> Task material
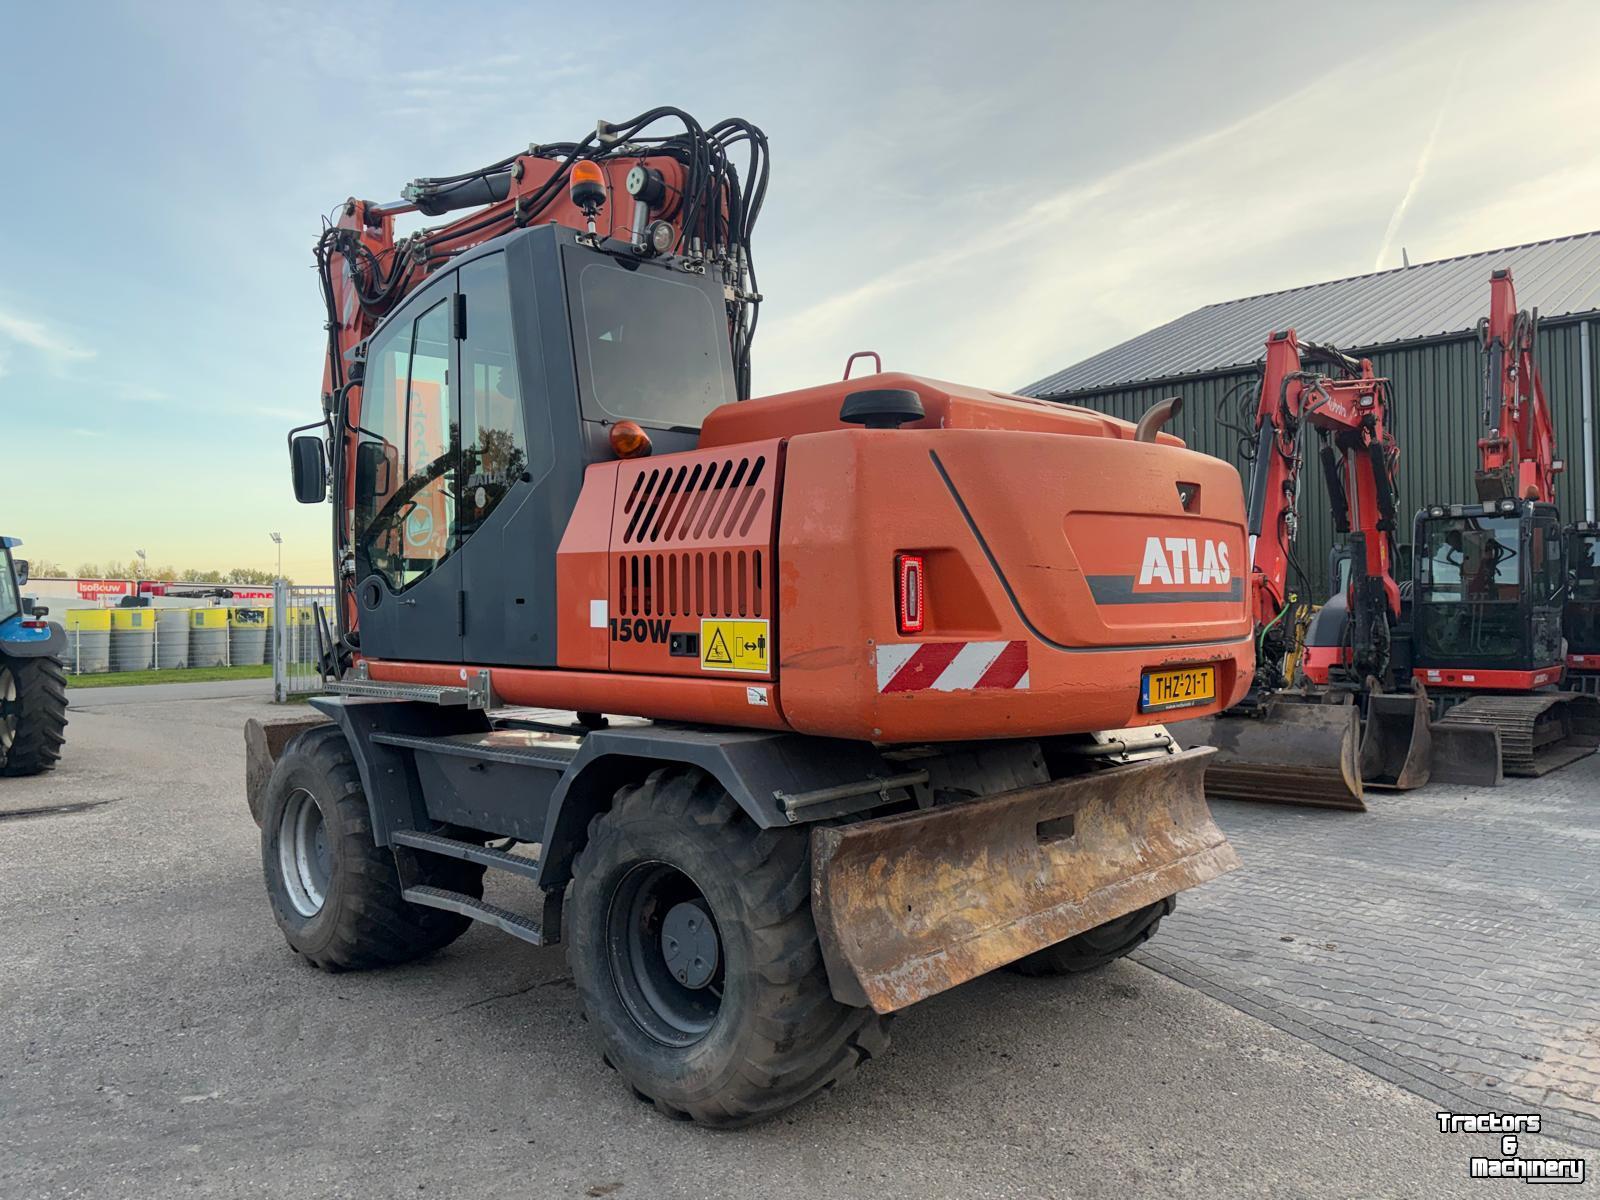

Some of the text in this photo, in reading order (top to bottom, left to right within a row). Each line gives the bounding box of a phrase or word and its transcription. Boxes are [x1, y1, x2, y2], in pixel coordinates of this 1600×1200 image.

[1139, 537, 1231, 585] ATLAS
[610, 618, 671, 643] 150W
[1156, 672, 1208, 700] THZ-21-T
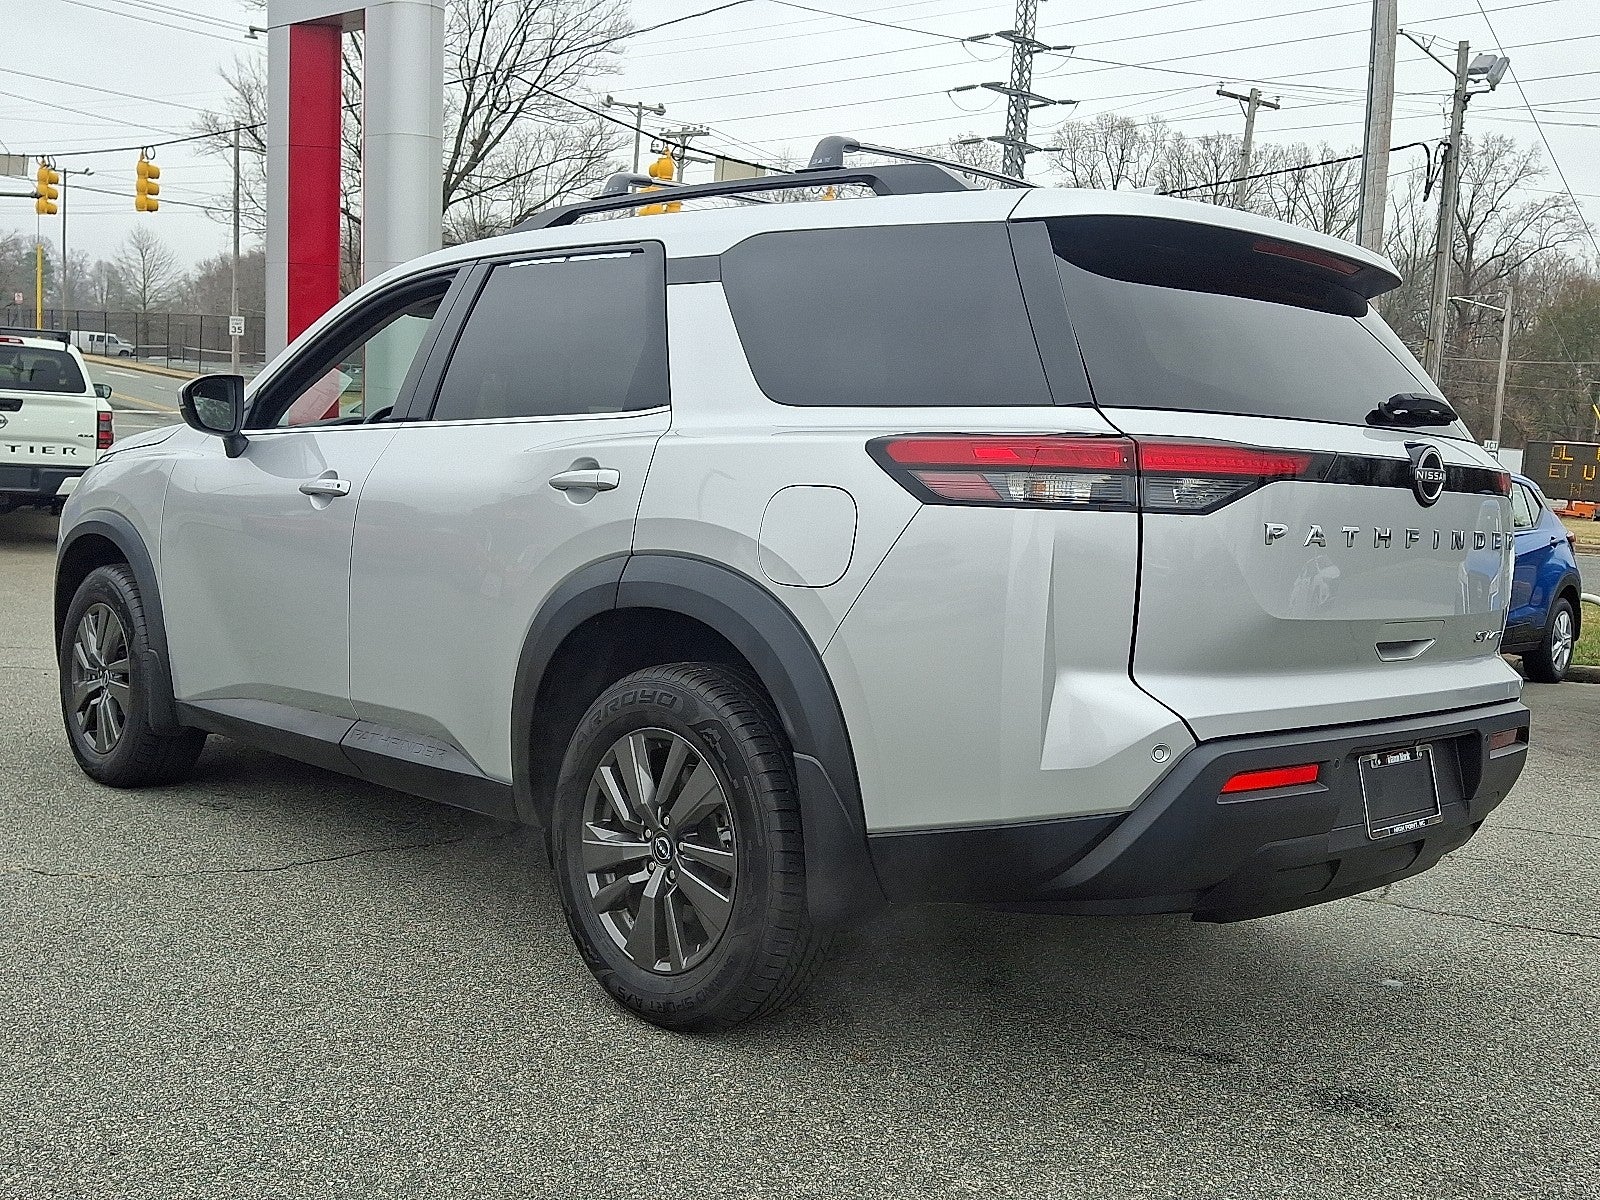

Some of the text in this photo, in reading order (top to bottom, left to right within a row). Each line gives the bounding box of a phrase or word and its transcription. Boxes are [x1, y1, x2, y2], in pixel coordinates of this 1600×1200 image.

[5, 444, 77, 456] TIER
[1484, 441, 1498, 450] JCT
[1416, 470, 1446, 481] NISSA
[1263, 521, 1514, 551] PATHFINDER
[350, 727, 449, 760] PATHFINDER

> What is required
Without any of the pictures, set the entries down again exactly as written.

> Response to this exercise
Some of the text in this photo, in reading order (top to bottom, left to right within a row). Each line gives the bounding box of a phrase or word and its transcription. Boxes are [x1, y1, x2, y2], in pixel coordinates of this 1600×1200 image.

[1139, 537, 1231, 585] ATLAS
[610, 618, 671, 643] 150W
[1156, 672, 1208, 700] THZ-21-T

Some of the text in this photo, in reading order (top to bottom, left to right within a row). Each line gives the bounding box of a phrase or word and its transcription. Boxes are [x1, y1, x2, y2], in pixel coordinates of this 1600×1200 image.

[5, 444, 77, 456] TIER
[1484, 441, 1498, 450] JCT
[1416, 470, 1446, 481] NISSA
[1263, 521, 1514, 551] PATHFINDER
[350, 727, 449, 760] PATHFINDER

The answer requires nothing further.